Your goal:
Only one span belongs in the answer: the line holding "this 2359×1568 image." through the last line of the entries below, retyped exactly.

Text-to-region grounding data:
########
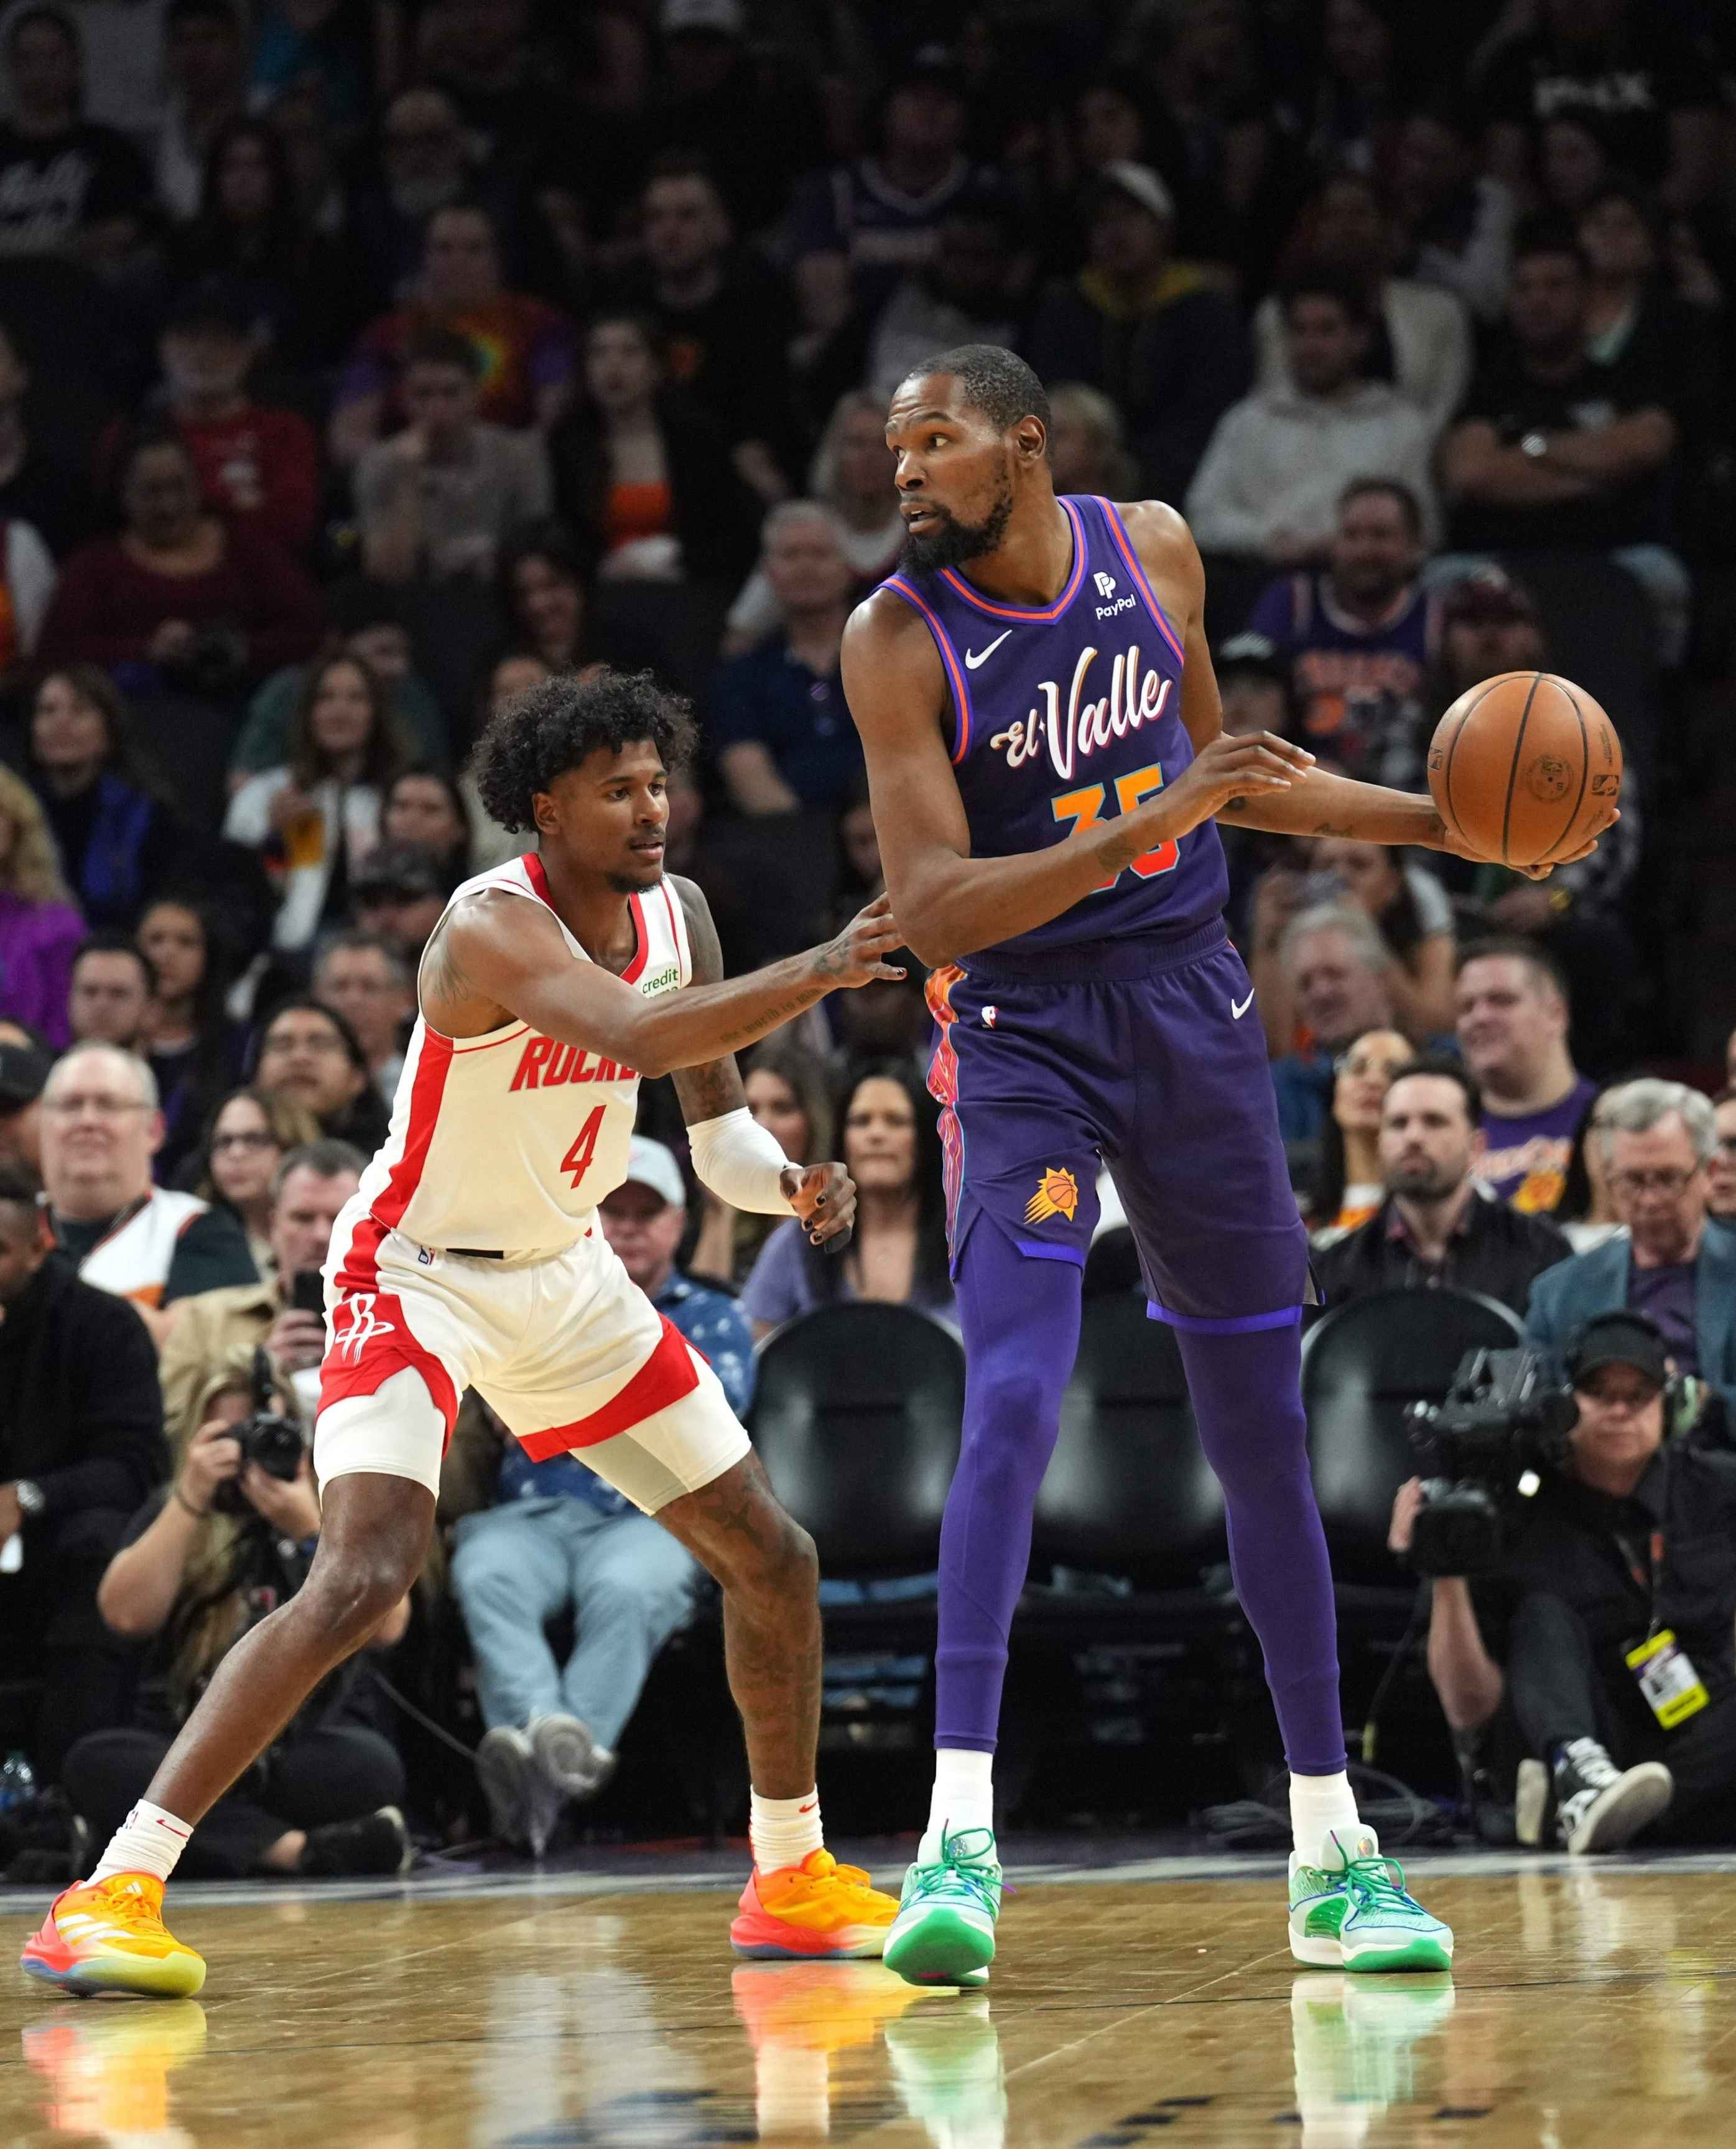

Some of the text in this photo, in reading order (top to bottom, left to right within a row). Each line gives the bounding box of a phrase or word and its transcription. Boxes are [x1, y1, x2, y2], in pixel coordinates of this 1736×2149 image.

[1095, 594, 1136, 620] PayPal
[990, 646, 1172, 781] El Valle
[1051, 762, 1181, 895] 35
[643, 969, 679, 994] credit
[508, 1035, 642, 1093] ROCK
[560, 1104, 607, 1190] 4
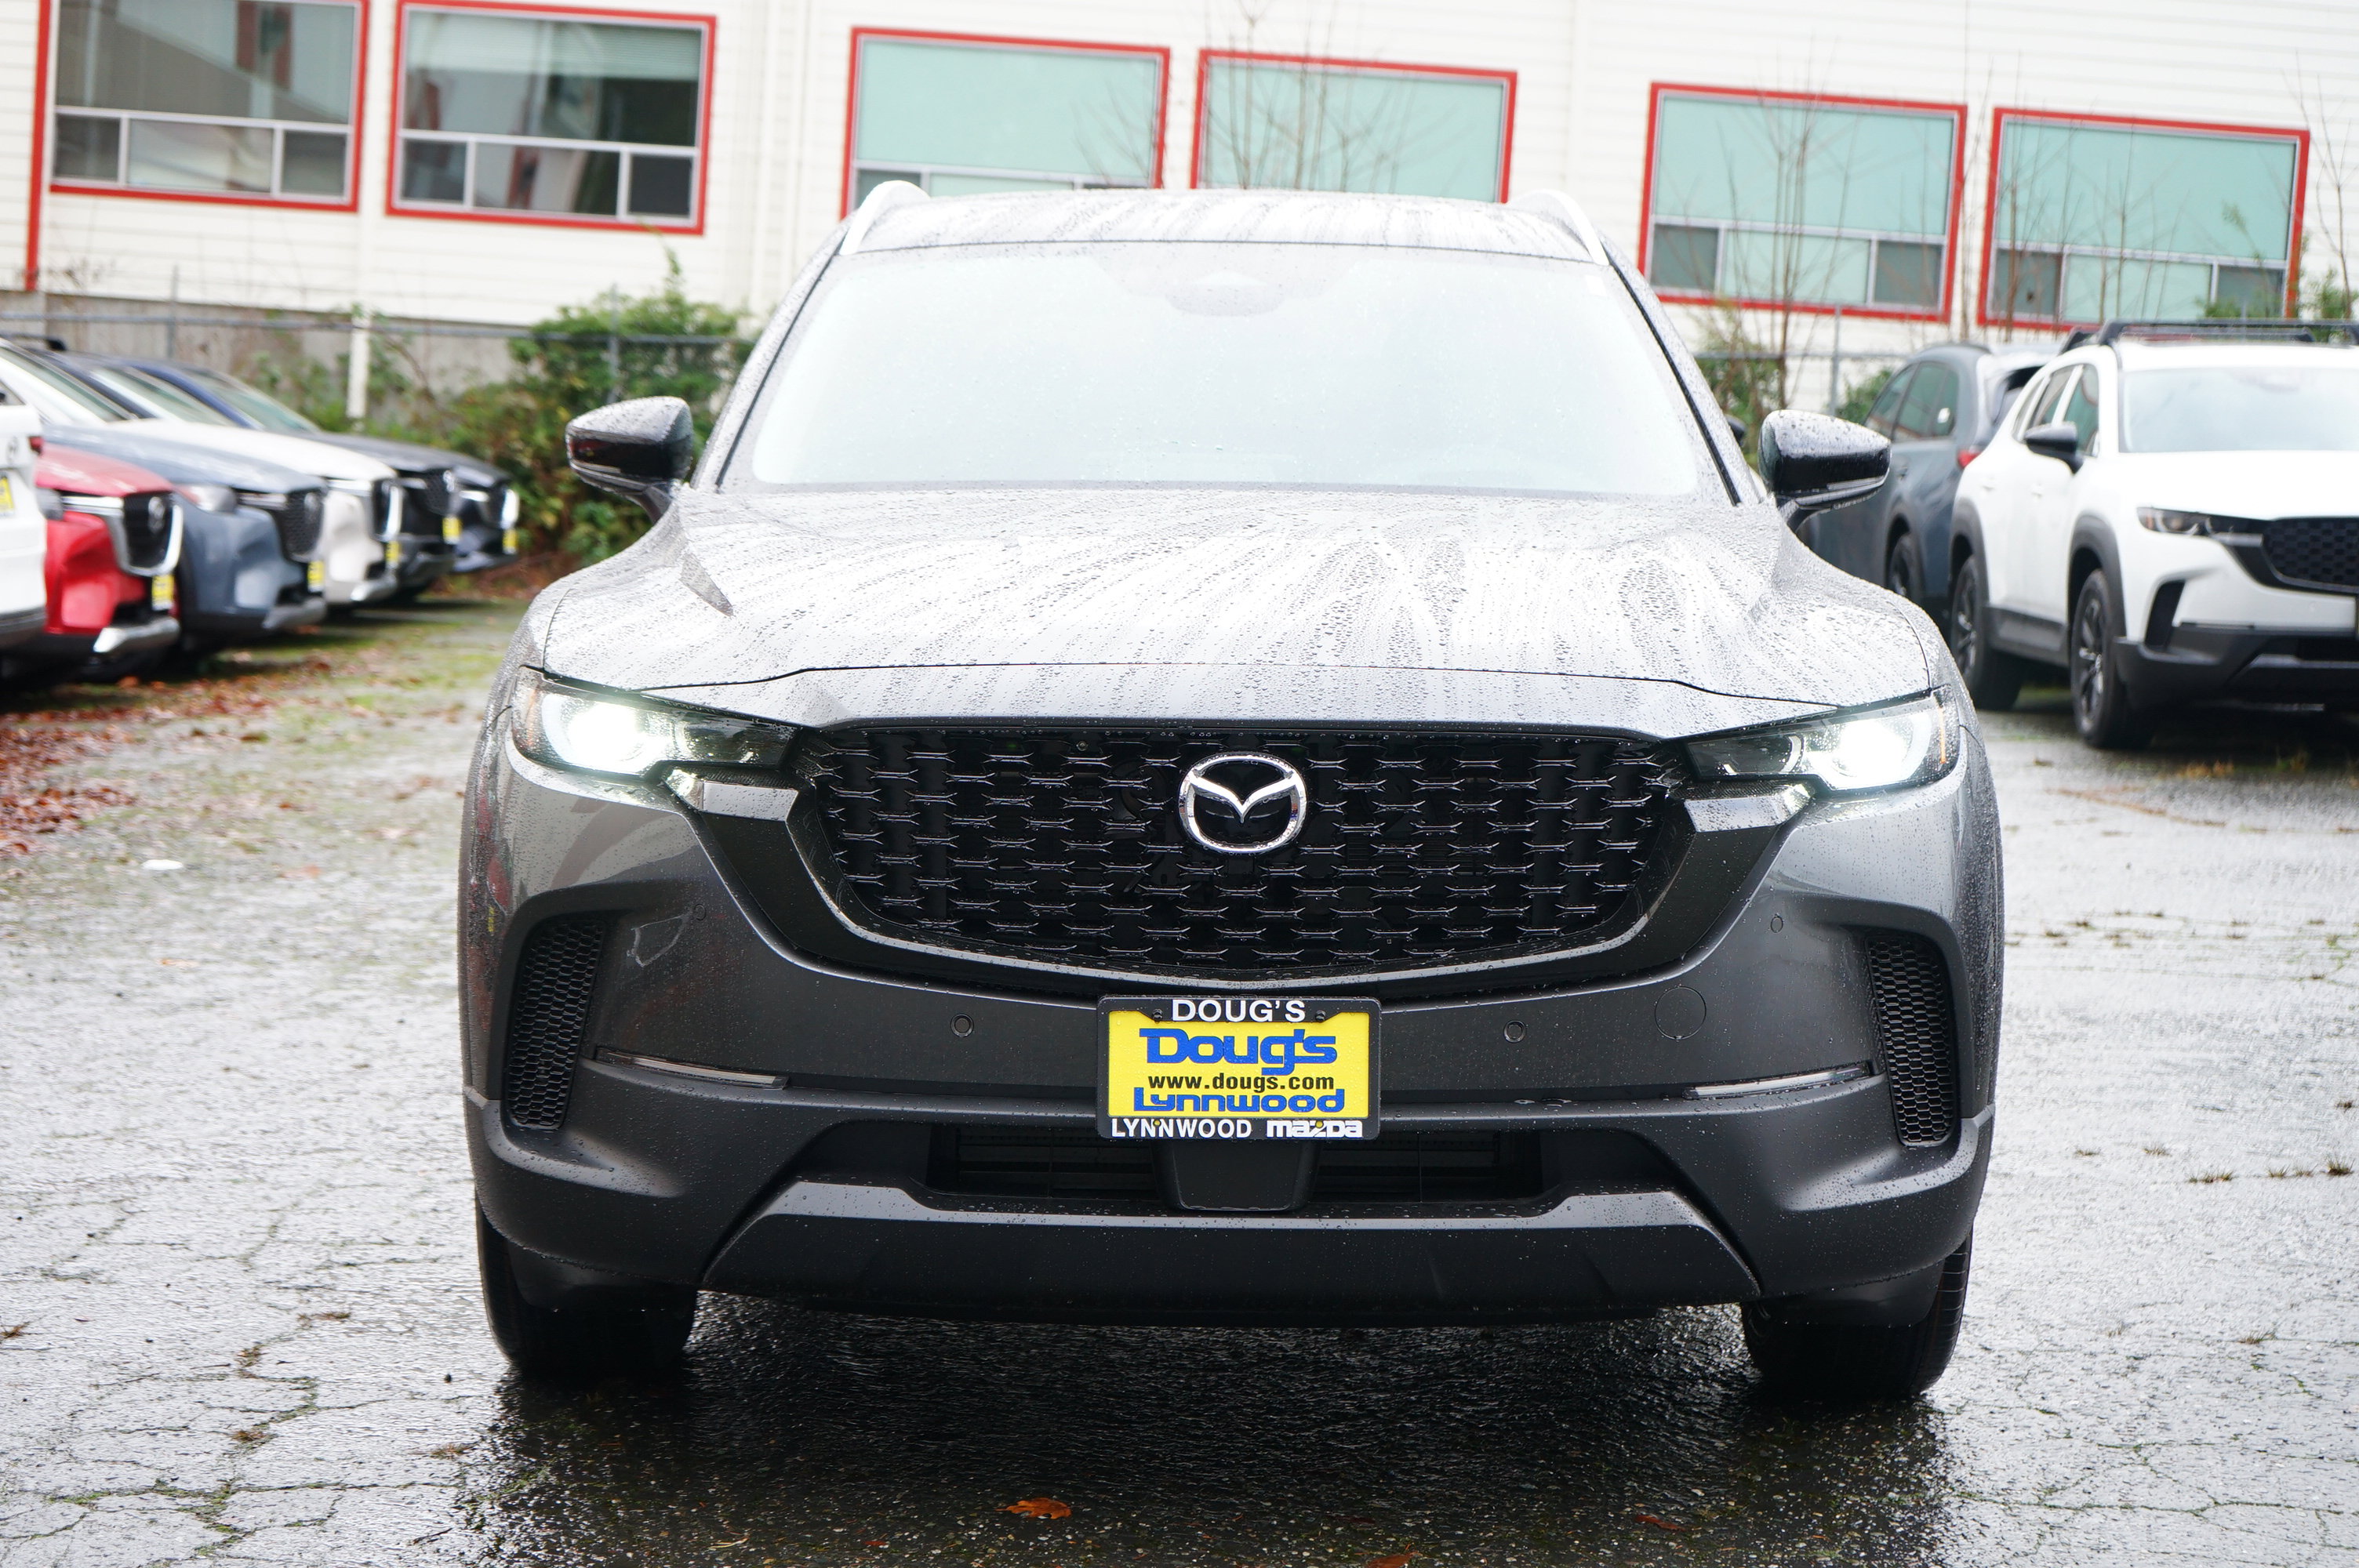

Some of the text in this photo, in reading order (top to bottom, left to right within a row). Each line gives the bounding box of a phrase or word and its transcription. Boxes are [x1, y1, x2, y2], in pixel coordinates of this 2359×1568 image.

[1172, 999, 1306, 1022] DOUG'S
[1139, 1028, 1338, 1076] Doug's
[1148, 1072, 1335, 1093] www.dougs.com
[1133, 1087, 1346, 1113] Lynnwood
[1111, 1118, 1252, 1138] LYNNWOOD
########
Output below:
Some of the text in this photo, in reading order (top to bottom, left to right within a row). Each line gives the bounding box of a phrase or word and its transcription. Boxes are [x1, y1, x2, y2], in pixel coordinates of this 2359×1568 image.

[1172, 999, 1306, 1022] DOUG'S
[1139, 1028, 1338, 1076] Doug's
[1148, 1072, 1335, 1093] www.dougs.com
[1133, 1087, 1346, 1113] Lynnwood
[1111, 1118, 1252, 1138] LYNNWOOD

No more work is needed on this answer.